Hypoxia-Inducible Factor-2α Signaling in the Skeletal System

Hypoxia-inducible factors (HIFs) are oxygen-dependent heterodimeric transcription factors that mediate molecular responses to reductions in cellular oxygen (hypoxia). HIF signaling involves stable HIF-beta subunits and labile, oxygen-sensitive HIF-alpha subunits. Under hypoxic conditions, the HIF-alpha subunit is stabilized, complexes with nucleus-confined HIF-beta subunit, and transcriptionally regulates hypoxia-adaptive genes. Transcriptional responses to hypoxia include altered energy metabolism, angiogenesis, erythropoiesis, and cell fate. Three isoforms of HIF-alpha-HIF-1 alpha, HIF-2 alpha, and HIF-3 alpha-are found in diverse cell types. HIF-1 alpha and HIF-2 alpha serve as transcriptional activators, whereas HIF-3 alpha restricts HIF-1 alpha and HIF-2 alpha. The structure and isoform-specific functions of HIF-1 alpha in mediating molecular responses to hypoxia are well established across a wide range of cell and tissue types. The contributions of HIF-2 alpha to hypoxic adaptation are often unconsidered if not outrightly attributed to HIF-1 alpha.
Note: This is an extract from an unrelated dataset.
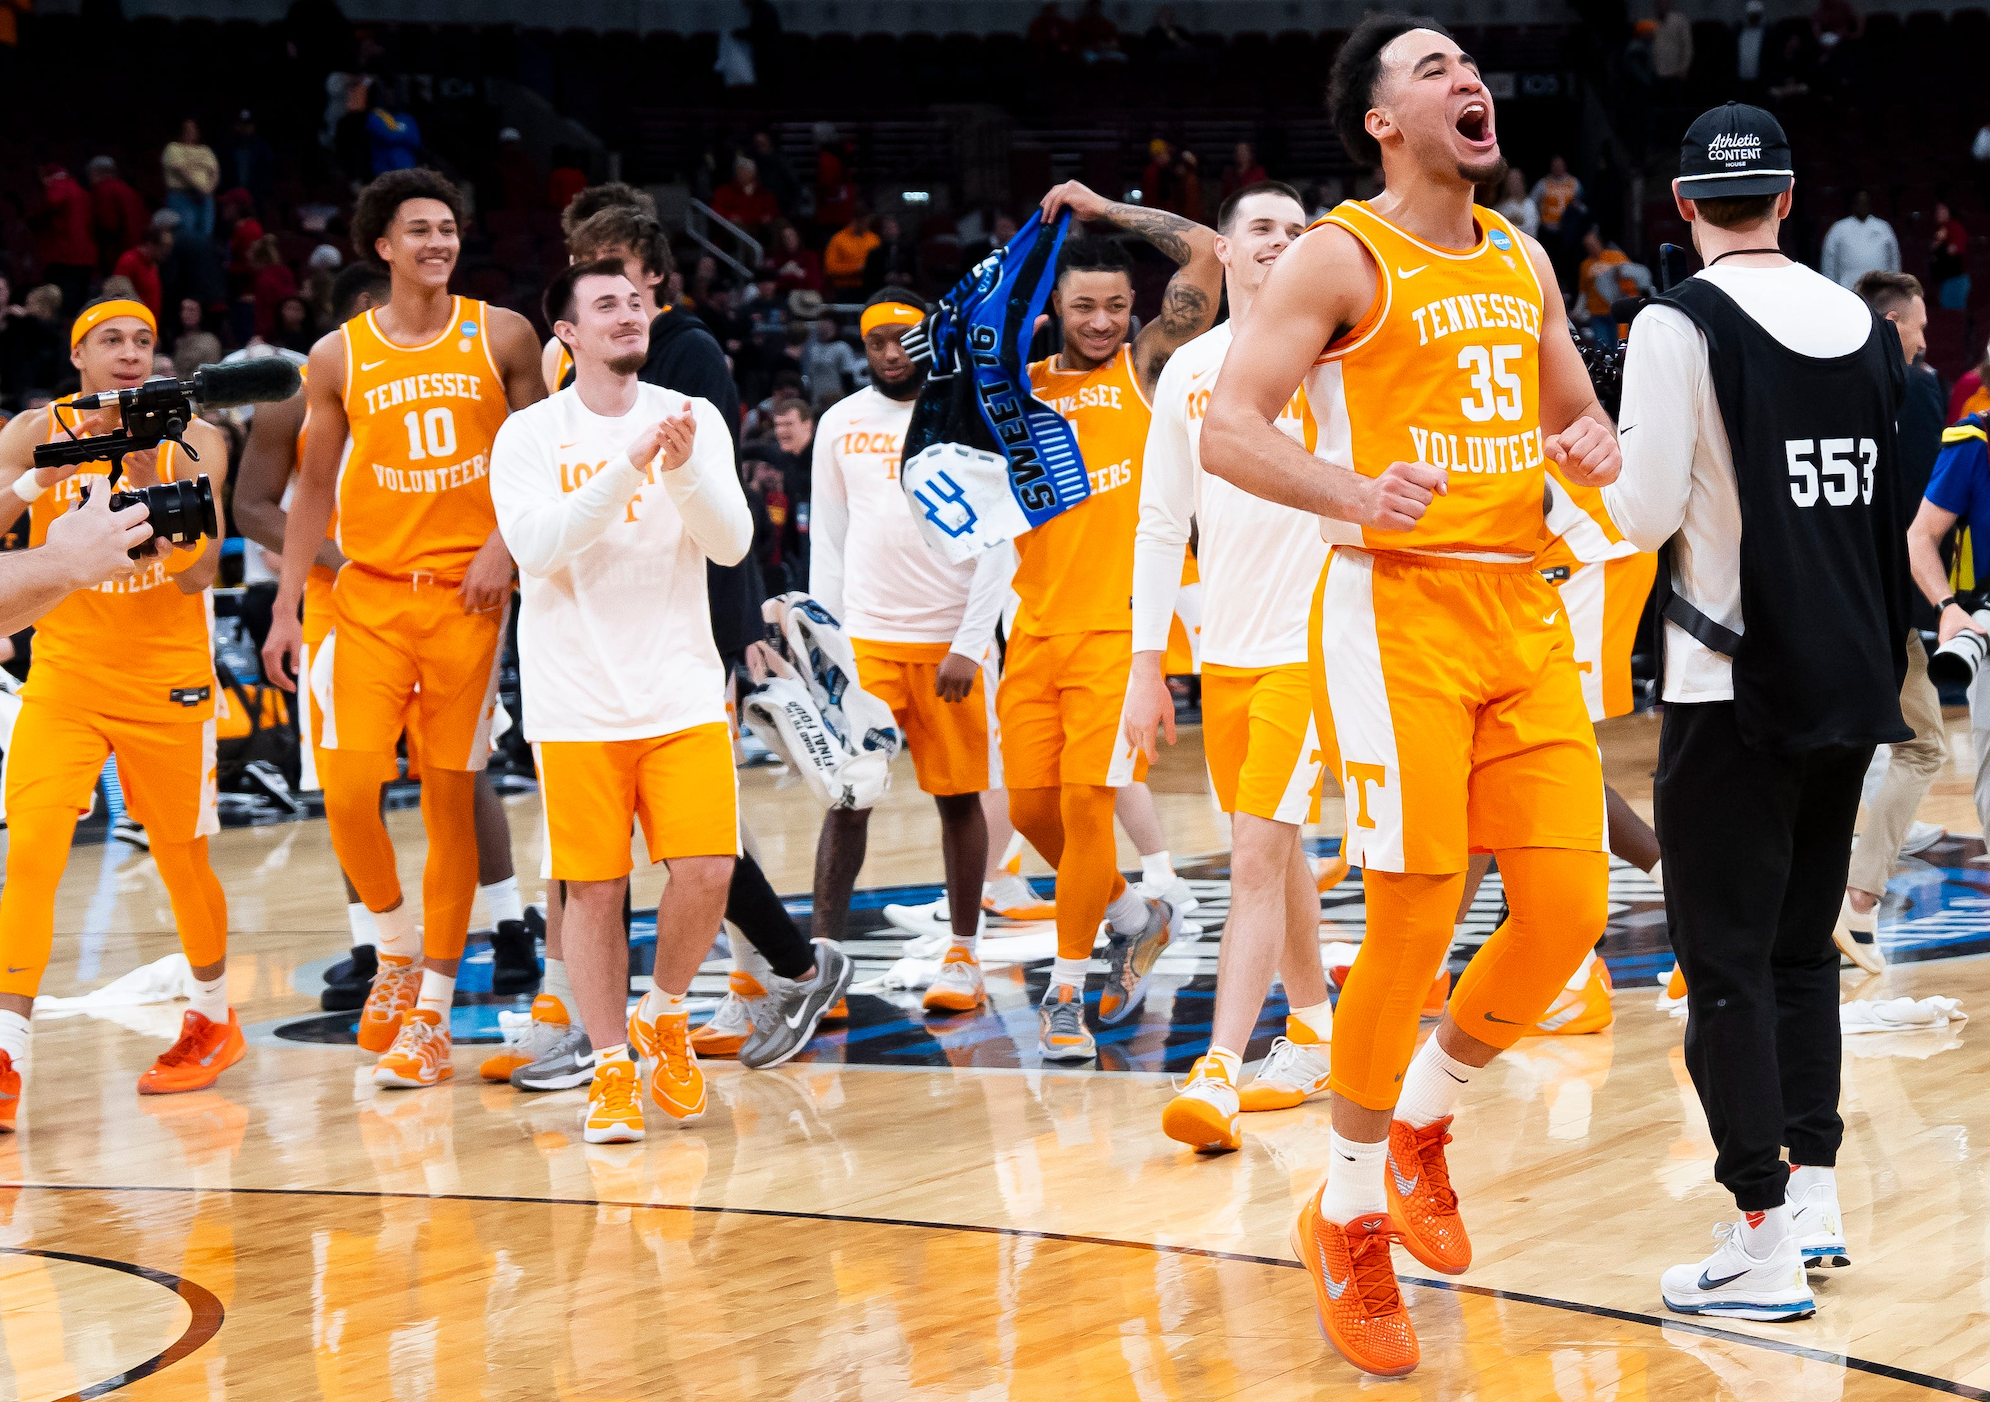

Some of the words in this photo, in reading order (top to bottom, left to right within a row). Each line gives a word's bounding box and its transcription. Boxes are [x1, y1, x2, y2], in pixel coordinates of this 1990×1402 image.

This review establishes what is currently known about the diverse roles of HIF-2 alpha in mediating the hypoxic response in skeletal tissues, with specific focus on development and maintenance of skeletal fitness. (c) 2023 The Authors. JBMR Plus published by Wiley Periodicals LLC on behalf of American Society for Bone and Mineral Research.